When people make this claim, the sort of thing they mention is George Sanders as the villainous tiger Shere Khan in Disney’s Jungle Book:

Or Steven Berkoff’s smuggling art dealer in Beverly Hills Cop:

Or Jeremy Irons’ villainous lion Scar in Disney’s Lion King:

Or Benedict Cumberbatch’s super-villain Khan in Star Trek Into Darkness:

Many writers have tried to explain this phenomenon – I think wrongly – in terms of historical American resentment towards Britain. In a Daily Mail article Barry Norman, for decades the BBC’s main film critic, wrote: “Americans have a brooding resentment of the lordly way we used to rule our colonies there”. And an older online article on the BBC’s h2g2 site claims that “the concept of the British as the ‘old masters’ and British influence as an unjust yoke to be thrown off is deeply ingrained in American cultural history”.

It’s worth pointing out that these writers aren’t very accurate about the accents they’re describing. According to the BBC article, “Beginning with Errol Flynn’s classic portrayal… Hollywood Robin Hoods have had American accents”. But the Australian Errol did not have an American accent. Here he is exhibiting BATH-broadening, non-rhoticity and a generally British vowel system in I’ll get myself a staff… What else d’you call a man who takes advantage of the King’s misfortune to seize his power?

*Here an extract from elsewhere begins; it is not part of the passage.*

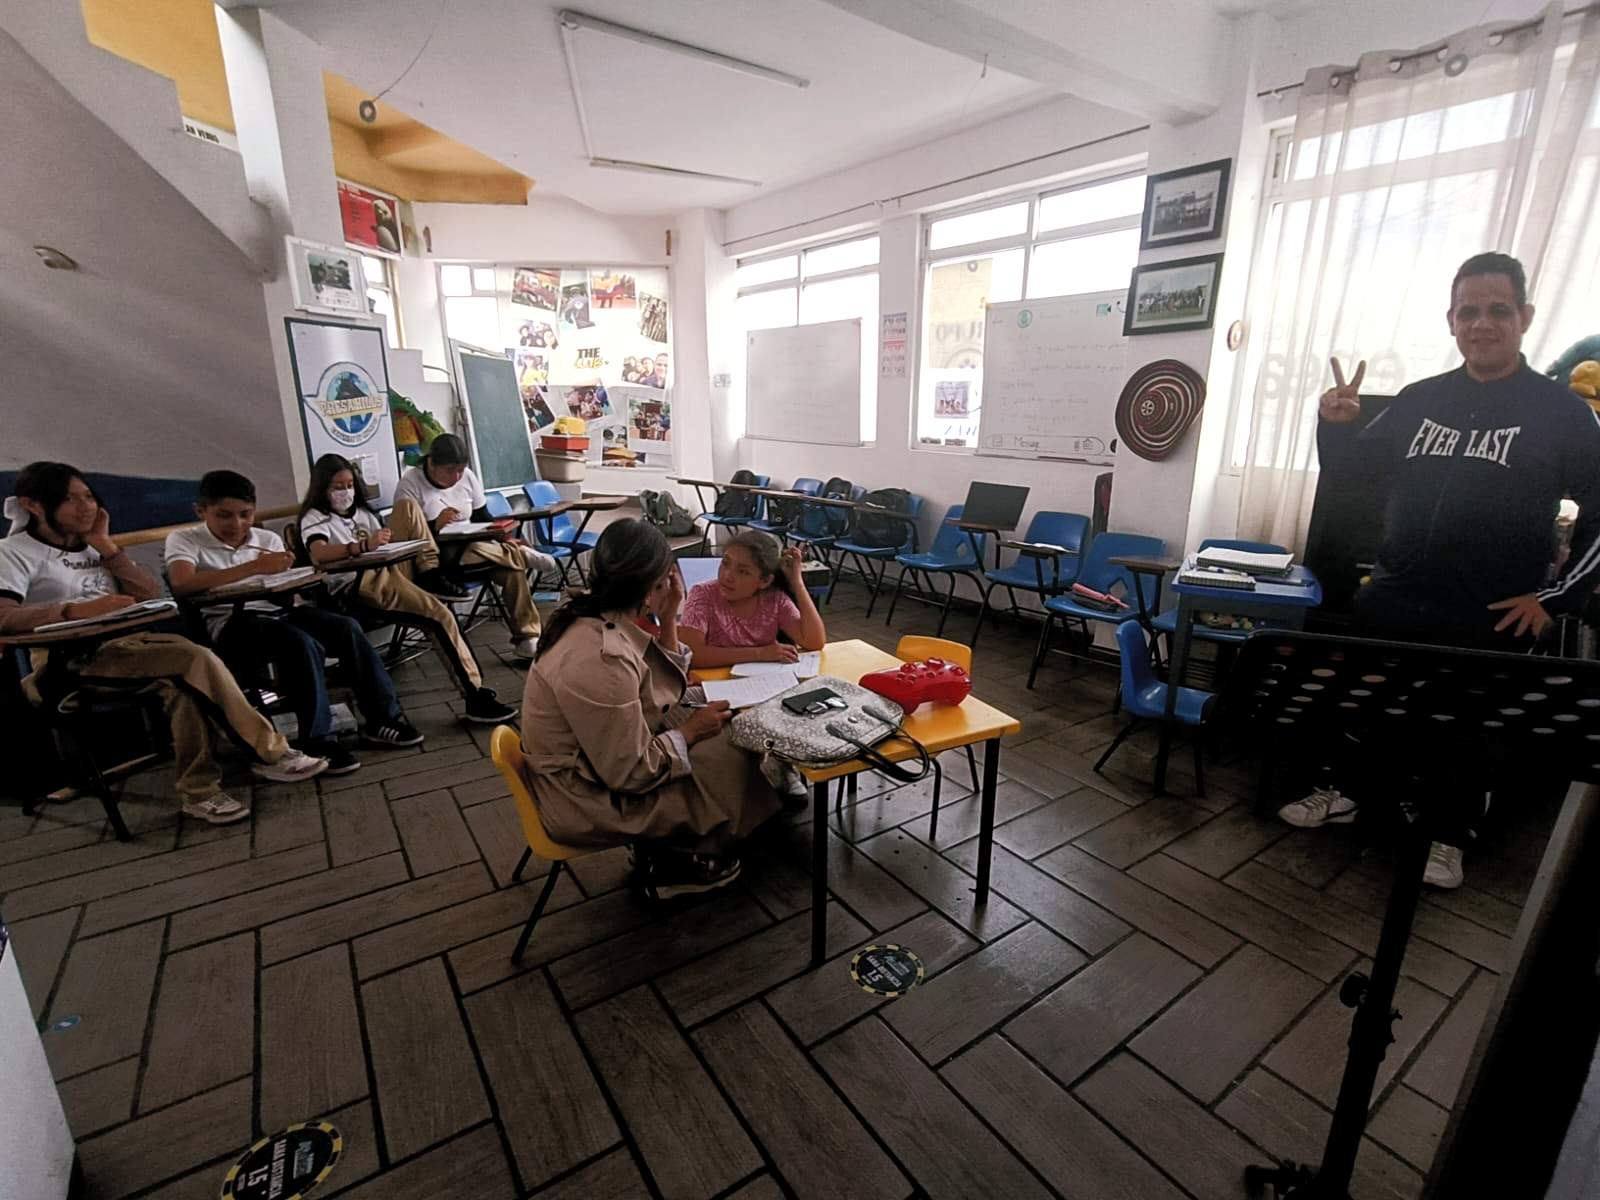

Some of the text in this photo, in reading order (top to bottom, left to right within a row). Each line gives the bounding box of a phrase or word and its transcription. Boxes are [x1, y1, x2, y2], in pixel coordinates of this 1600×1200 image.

[576, 347, 600, 358] THE
[1405, 417, 1521, 465] EVER LAST
[247, 1164, 269, 1187] 1.5

And both the Independent and Mail articles claim that Anthony Hopkins played the villainous Hannibal Lecter with an English accent. Again, false. Hopkins is clearly Southern USA in his famous first scene with Jodie Foster’s agent Starling (Closer… from the student body… That is the Duomo seen from the Belvedere):

Elsewhere he’s occasionally rhotic, generally lacks BATH-broadening, has unrounded LOT. Not an English accent.

More importantly, the writers are missing the main point by thinking in national terms – filmmakers from one nation, the USA, supposedly choosing actors on the basis of negative feelings about another nation, Britain. I think the primary factor is social rather than national: the most important thing about ‘British villains’ is not their country of origin but the fact that they sound upper class.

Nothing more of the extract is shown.